Speaking at the “Generative AI: Shaping the Future” symposium on Nov. 28, the kickoff event of MIT’s Generative AI Week, keynote speaker and iRobot co-founder Rodney Brooks warned against overestimating the capabilities of this emerging technology. Generative AI refers to machine-learning models that learn to generate new material that looks like the data they were trained on. These models have exhibited some incredible capabilities, such as producing human-like creative writing, translating languages, generating functional computer code, and crafting realistic images from text prompts.
In her opening remarks to launch the symposium, MIT President Sally Kornbluth highlighted several projects faculty and students have undertaken to use generative AI to make a positive impact in the world. The Institute also recently announced seed grants for 27 interdisciplinary faculty research projects centered on how AI will transform people’s lives across society.
While generative AI holds the potential to help solve some of the planet’s most pressing problems, the emergence of these powerful machine learning models has blurred the distinction between science fiction and reality, said CSAIL Director Daniela Rus in her opening remarks. MIT hopes to not only showcase this type of innovation, but also generate “collaborative collisions” among attendees.

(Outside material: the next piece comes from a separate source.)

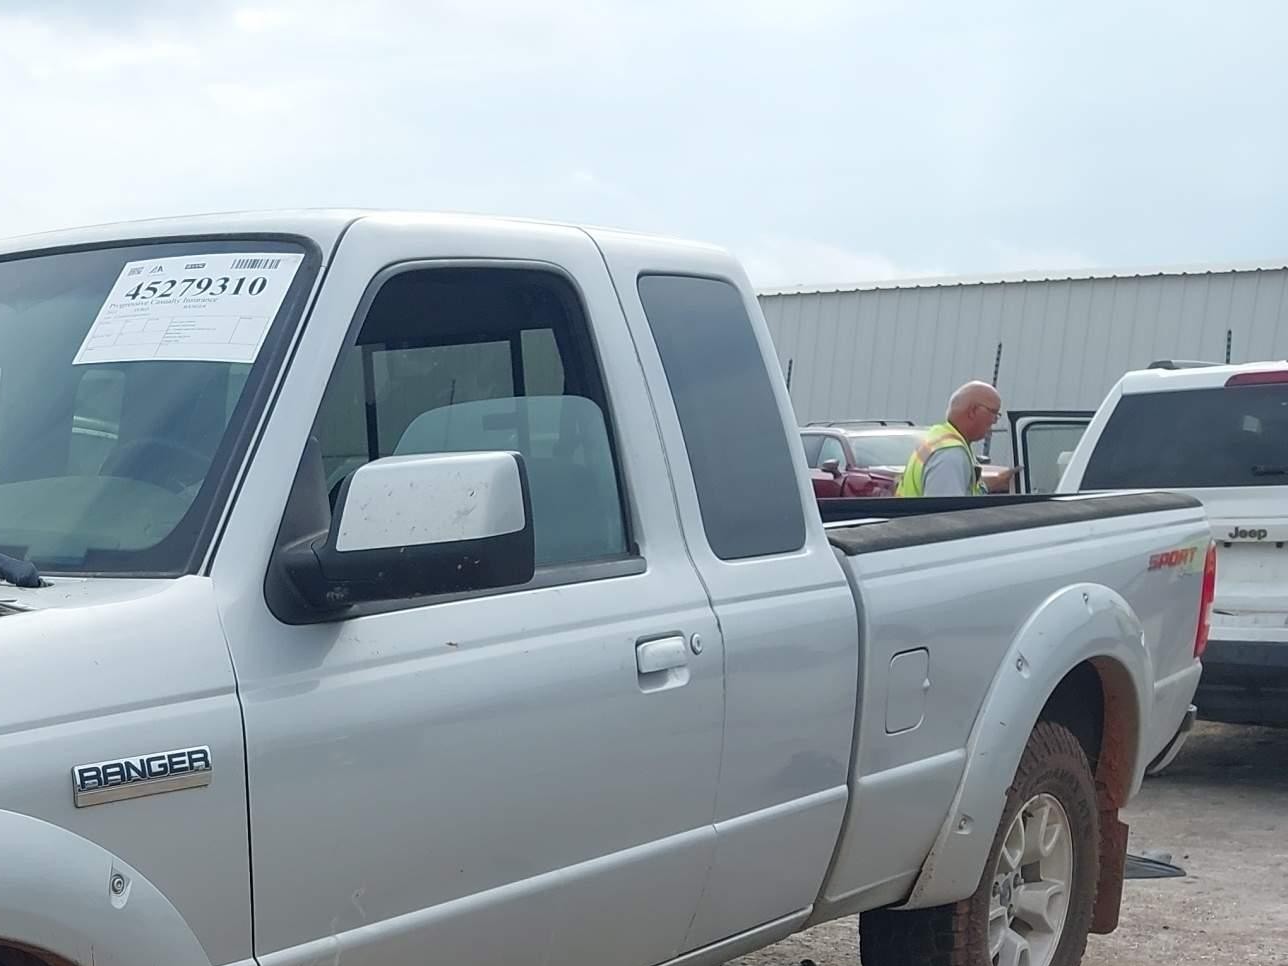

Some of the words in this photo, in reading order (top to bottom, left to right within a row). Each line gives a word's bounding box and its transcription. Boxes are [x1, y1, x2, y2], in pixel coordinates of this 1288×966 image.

[125, 277, 268, 300] 45279310
[1229, 527, 1268, 540] Jeep
[1148, 547, 1197, 571] SPORT
[78, 748, 210, 790] RANGER
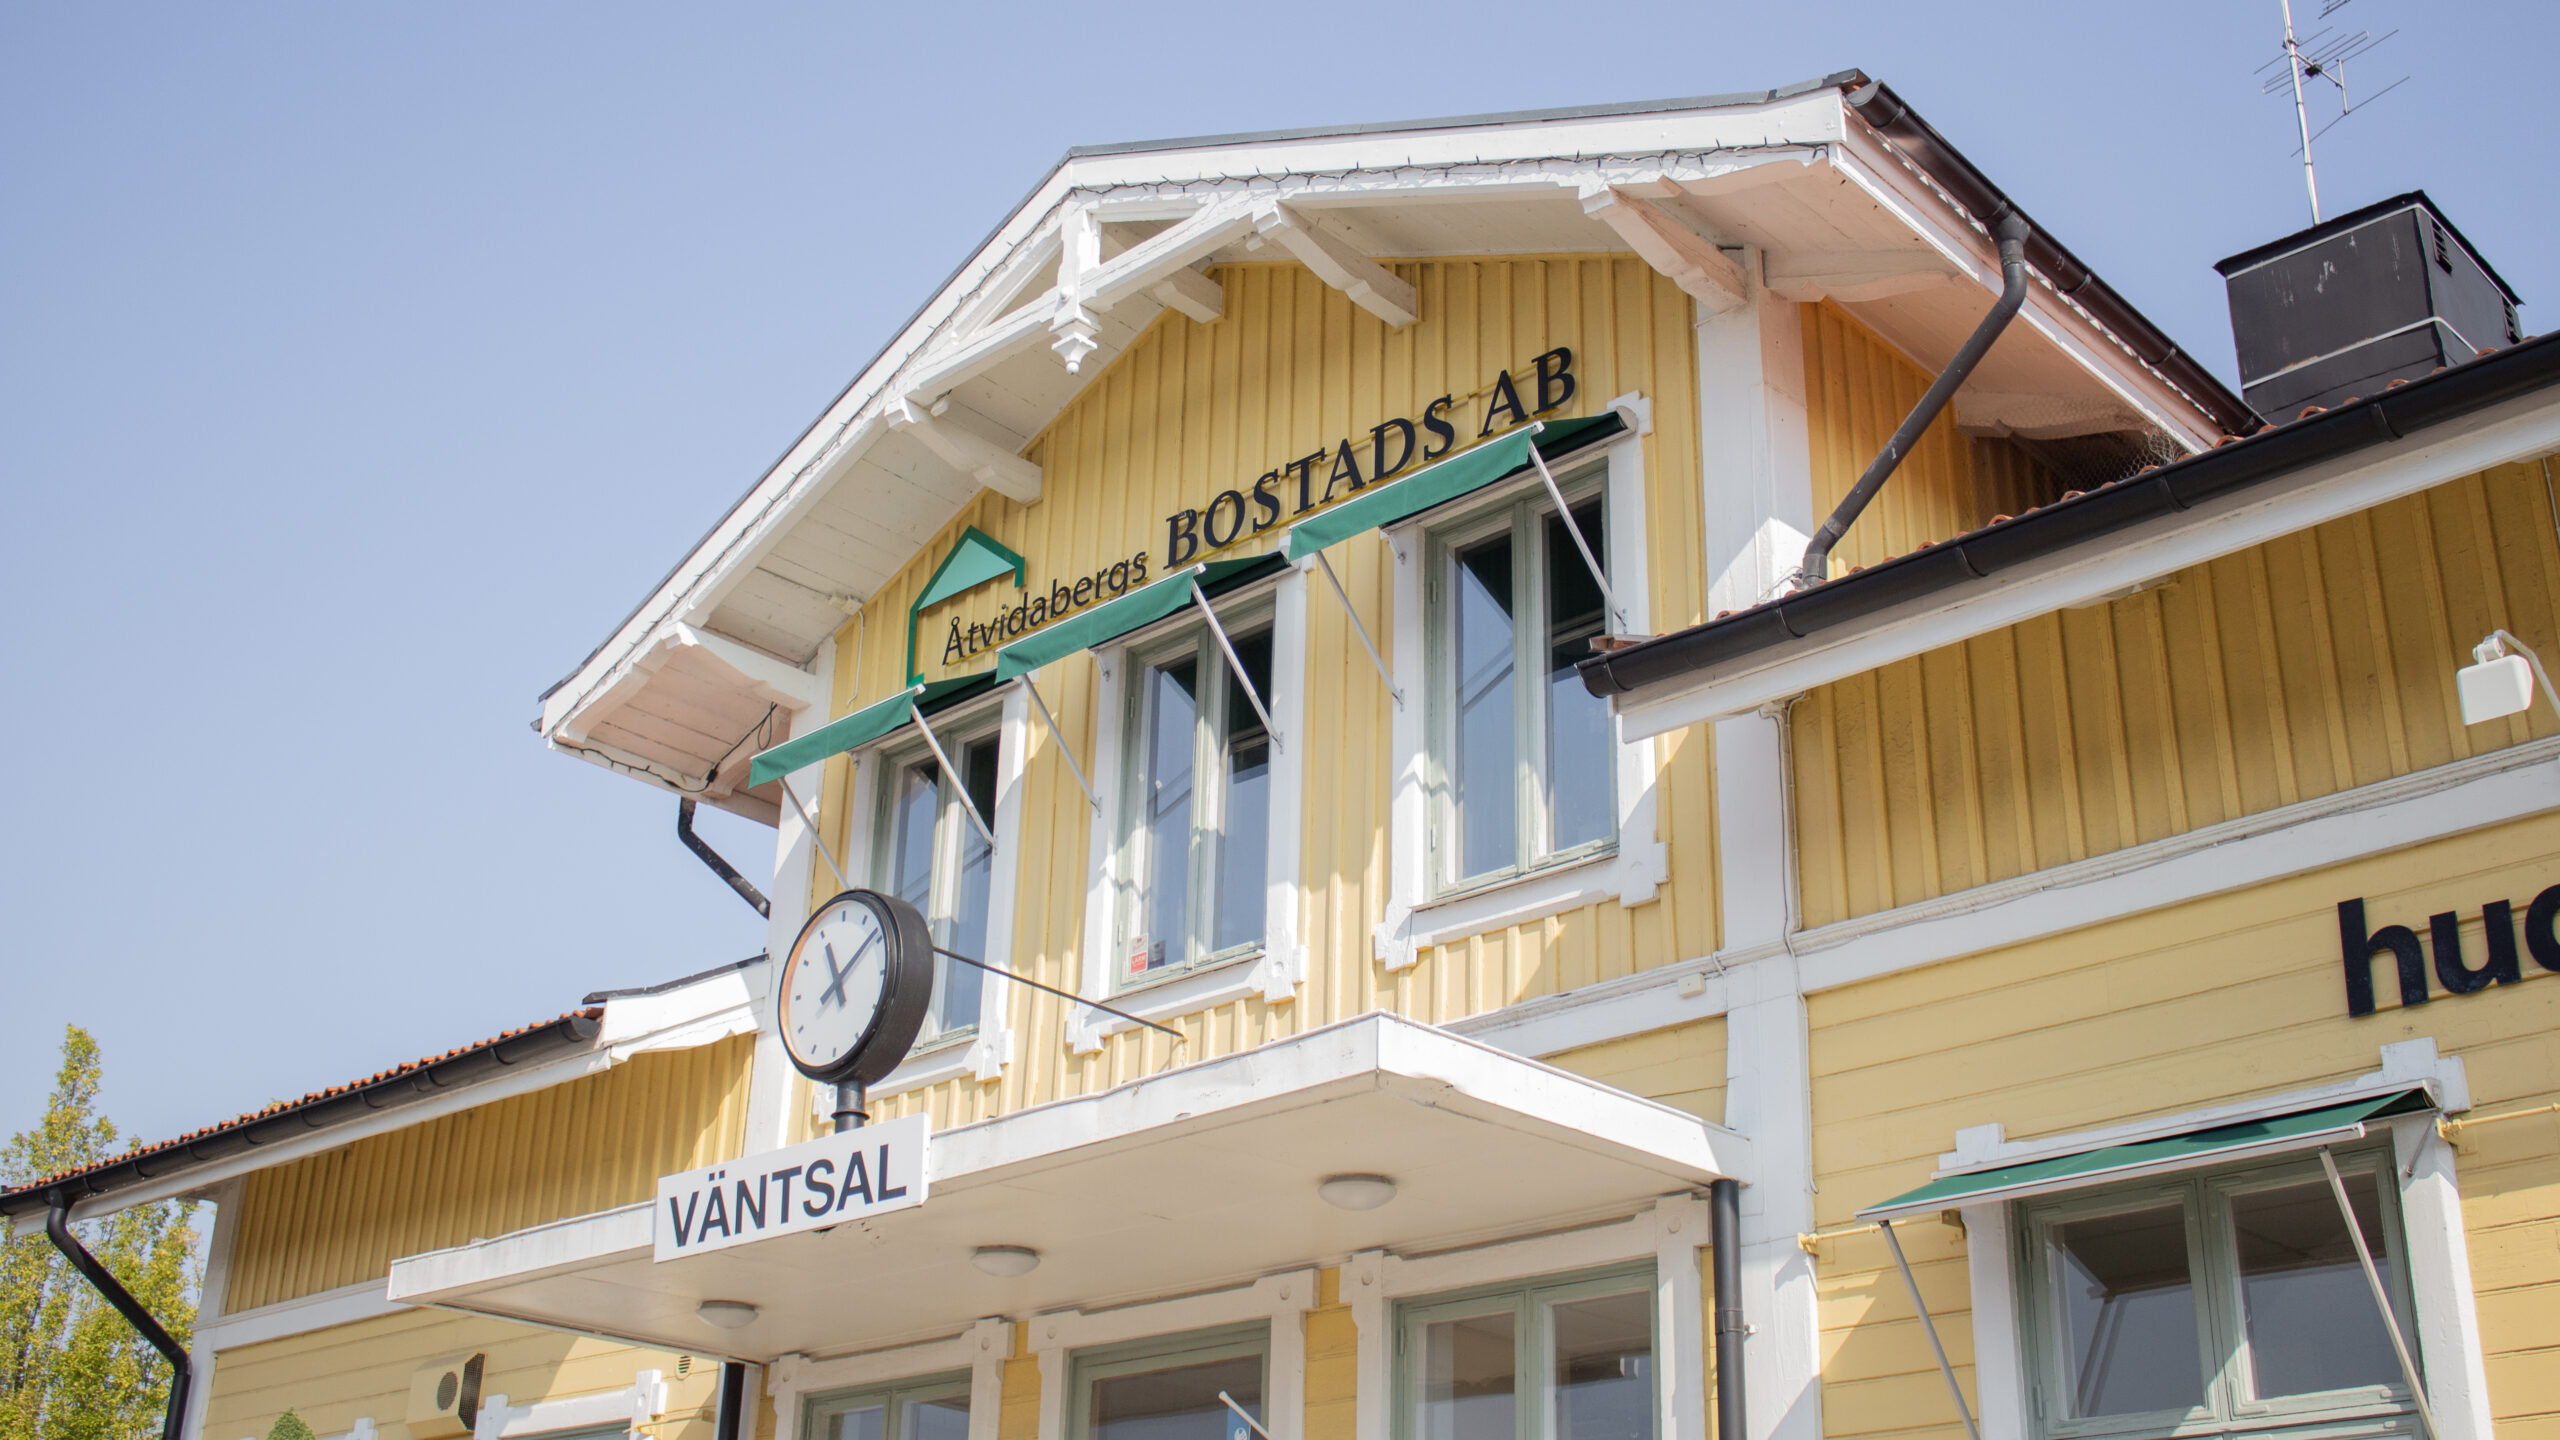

In his keynote remarks, Brooks sought to unpack some of the deep, scientific questions surrounding generative AI, as well as explore what the technology can tell us about ourselves. While researchers still don’t fully understand exactly how these models work, the seemingly incredible capabilities of generative AI are not magic, and it doesn’t mean these models can do anything. His biggest fears about generative AI don’t revolve around models that could someday surpass human intelligence. Rather, he is most worried about researchers who may throw away decades of excellent work that was nearing a breakthrough.
Following Brooks’ presentation, a group of MIT faculty spoke about their work using generative AI and participated in a panel discussion about future advances, important but underexplored research topics, and the challenges of AI regulation and policy.
In conclusion, the symposium emphasized the importance of engaging with policymakers and the public to ensure generative AI tools are produced and deployed responsibly.